In general, the temperature of the freezing evaporator 1 is about -30 ° C. and the temperature of the refrigerating evaporator 3 is about -30 ° C. It is controlled to about -10 ° C. In addition, since the condenser 8 is air-cooled in the atmosphere, the refrigerant condenses at an outside air temperature of about +10 to 20 ° C.

During normal operation, the liquid refrigerant condensed in the condenser 8 is distributed to the refrigeration expansion mechanism 9 and the refrigeration expansion mechanism 10 and supplied to the refrigeration evaporator 1 and the refrigeration evaporator 3, respectively. . At this time, the liquid refrigerant sent to the refrigeration expansion mechanism 9 is directly supplied from the switching valve 12 to the refrigeration expansion mechanism 9 without passing through the heat transfer mechanism 11.

When the load on the freezer compartment suddenly increases, the number of heat exchanges between the refrigerating compartment and the refrigerating evaporator 3 is reduced by lowering the rotation speed of the refrigerating fan 4 and the evaporating temperature of the refrigerating evaporator 3 is reduced.
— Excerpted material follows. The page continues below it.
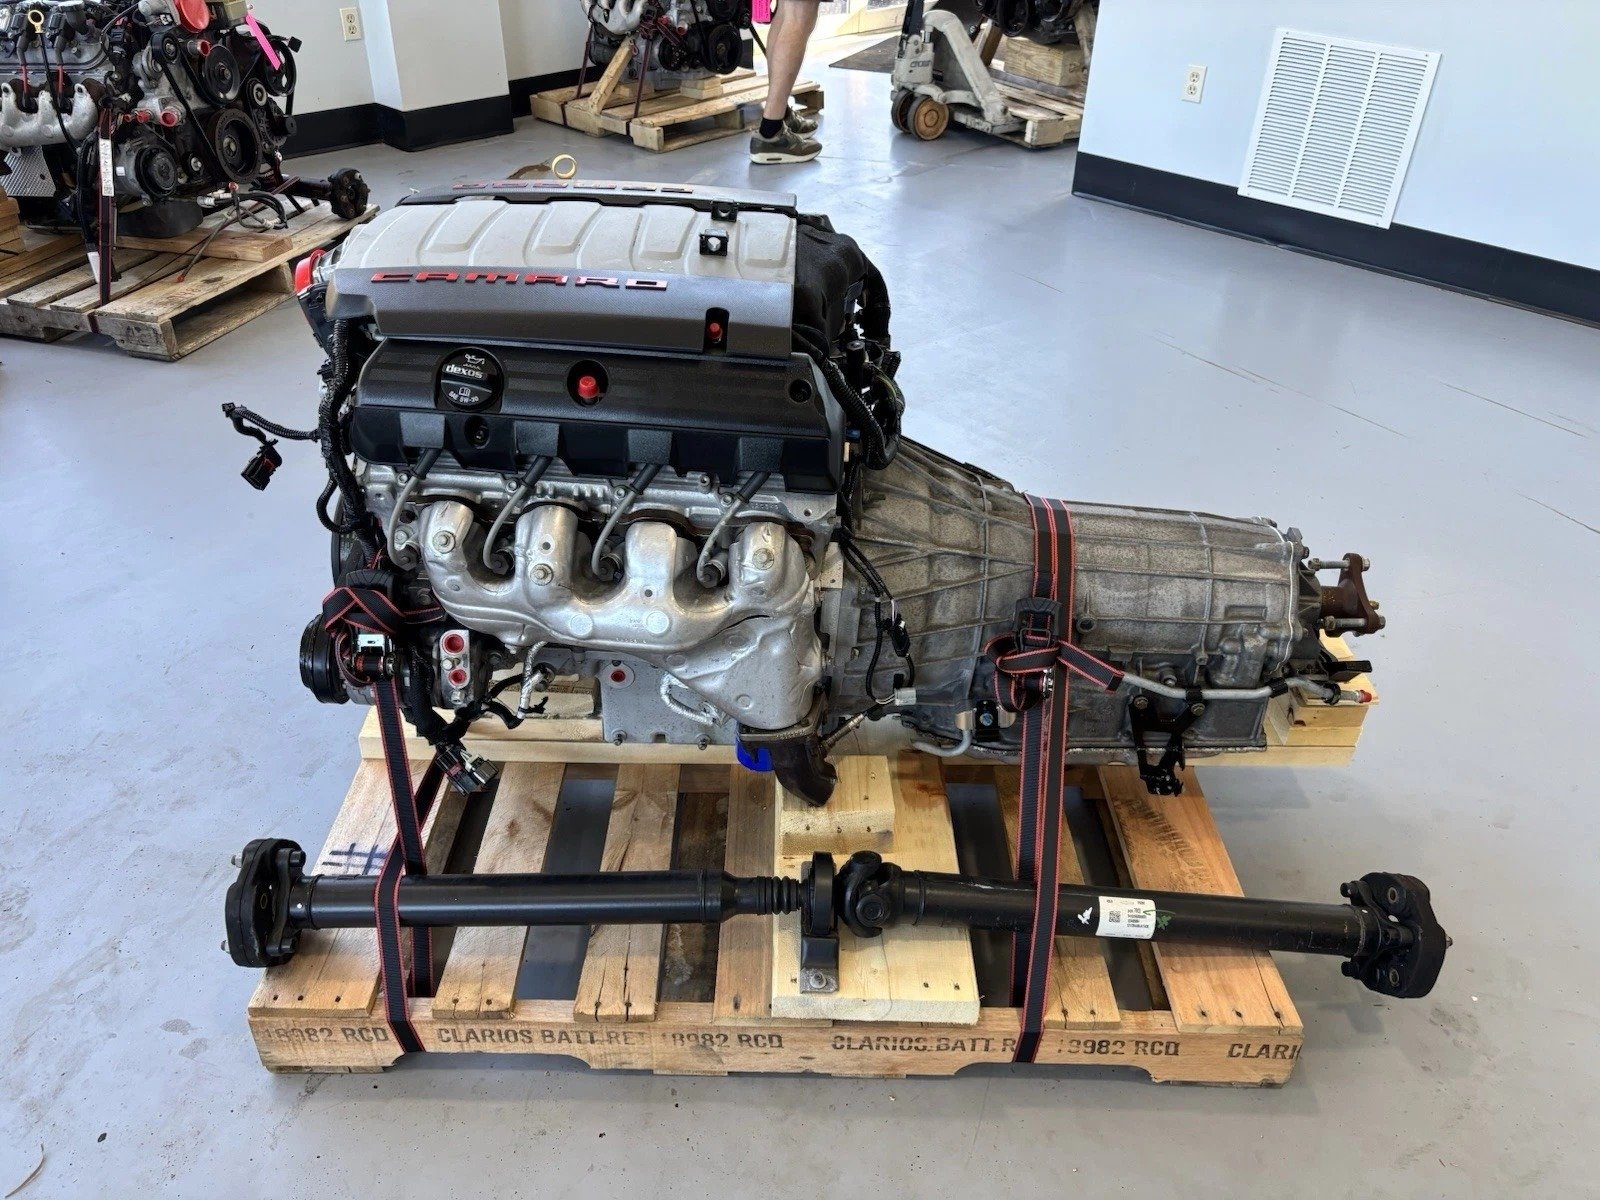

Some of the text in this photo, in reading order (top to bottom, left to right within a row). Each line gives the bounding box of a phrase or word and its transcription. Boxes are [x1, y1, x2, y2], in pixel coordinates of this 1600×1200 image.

Is lowered from -10 ° C. to about −15 ° C., and the switching valve 12 is operated so that the liquid refrigerant condensed in the condenser 8 is sent to the refrigeration expansion mechanism 9 via the heat transfer mechanism 11. At this time, the liquid refrigerant sent to the refrigeration expansion mechanism 9 is supercooled from a temperature close to the condenser 8 to a temperature close to the refrigeration evaporator 3. As a result, the amount of refrigerant supplied to the refrigeration evaporator 3 is reduced, the refrigeration capacity of the refrigeration evaporator 3 is reduced by the heat load of the heat transfer mechanism 11, and at the same time, the refrigeration capacity of the refrigeration evaporator 1 is reduced. The refrigerating capacity of the freezing room with respect to the refrigerating room is improved. Thereafter, the operating rate or the number of revolutions of the compressor 5 is increased to adjust the refrigerant circulation amount in accordance with the load of the freezing room, thereby making it possible to cope with a change in the load variation of the freezing room with respect to the refrigerator room.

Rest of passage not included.